Caves, One. E.P. Review.

Liverpool Sound and Vision Rating 9/10

If you can listen to the Caves’ new E.P., One, and not feel the pulse, the sensation of something that grips the attention and the raw emotion that is stamped throughout the three tracks, then there is no hope for you. The pothole that you poked your head over and scanned the musical horizon briefly may just be too comfortable for you too ever leave.

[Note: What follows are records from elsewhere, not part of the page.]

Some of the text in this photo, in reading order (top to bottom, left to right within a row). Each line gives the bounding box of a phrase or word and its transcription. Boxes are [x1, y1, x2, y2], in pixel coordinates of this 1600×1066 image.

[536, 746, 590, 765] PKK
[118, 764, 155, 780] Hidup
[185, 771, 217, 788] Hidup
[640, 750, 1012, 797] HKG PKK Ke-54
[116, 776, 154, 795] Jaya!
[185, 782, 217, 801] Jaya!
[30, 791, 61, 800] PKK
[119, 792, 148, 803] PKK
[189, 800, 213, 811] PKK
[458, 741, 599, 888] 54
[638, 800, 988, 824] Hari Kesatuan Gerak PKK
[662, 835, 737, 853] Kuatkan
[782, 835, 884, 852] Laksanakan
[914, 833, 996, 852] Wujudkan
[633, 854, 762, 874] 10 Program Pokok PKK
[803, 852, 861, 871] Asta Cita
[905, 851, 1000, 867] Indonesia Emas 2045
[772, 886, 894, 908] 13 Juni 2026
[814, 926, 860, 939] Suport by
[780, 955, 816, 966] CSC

Andy Pink, Dan Carney, Jon Huntley and Dan Walsh are young enough to let the world come to them for now and with age and experience they will join a long list of bands and artists that have made Liverpool the powerhouse of new music for the 21st Century. This is music that doesn’t rely on the favourability of judges from the world of television to know that what they have, cannot be bottled, cannot be shared for the mass entertainment appeal via a live camera and a man holding up a placard saying applause; they are here to make music in the right way, in venues, via a studio and for real life, not a based reality.

Three songs is all it takes to know that Caves are not just good, they have a sound that crunches any type of cynicism into a thousand pieces, toss it into the nearest bin and light and toss a match gleefully over the remains. Oh Amy is a perfect track to kick start an E.P. and with the excellent Swim and rousing Newark adding to the pleasure of what is coming out of the listener’s speakers making the recording near unbeatable and undeniably good.

Caves are meant to be explored, the dark and supposed gloom always hides a treasure so rare that people fight over the prize, die for plunder and worship the gems inside, the men, the musicians that make up Caves are no different, what a prize they are even now.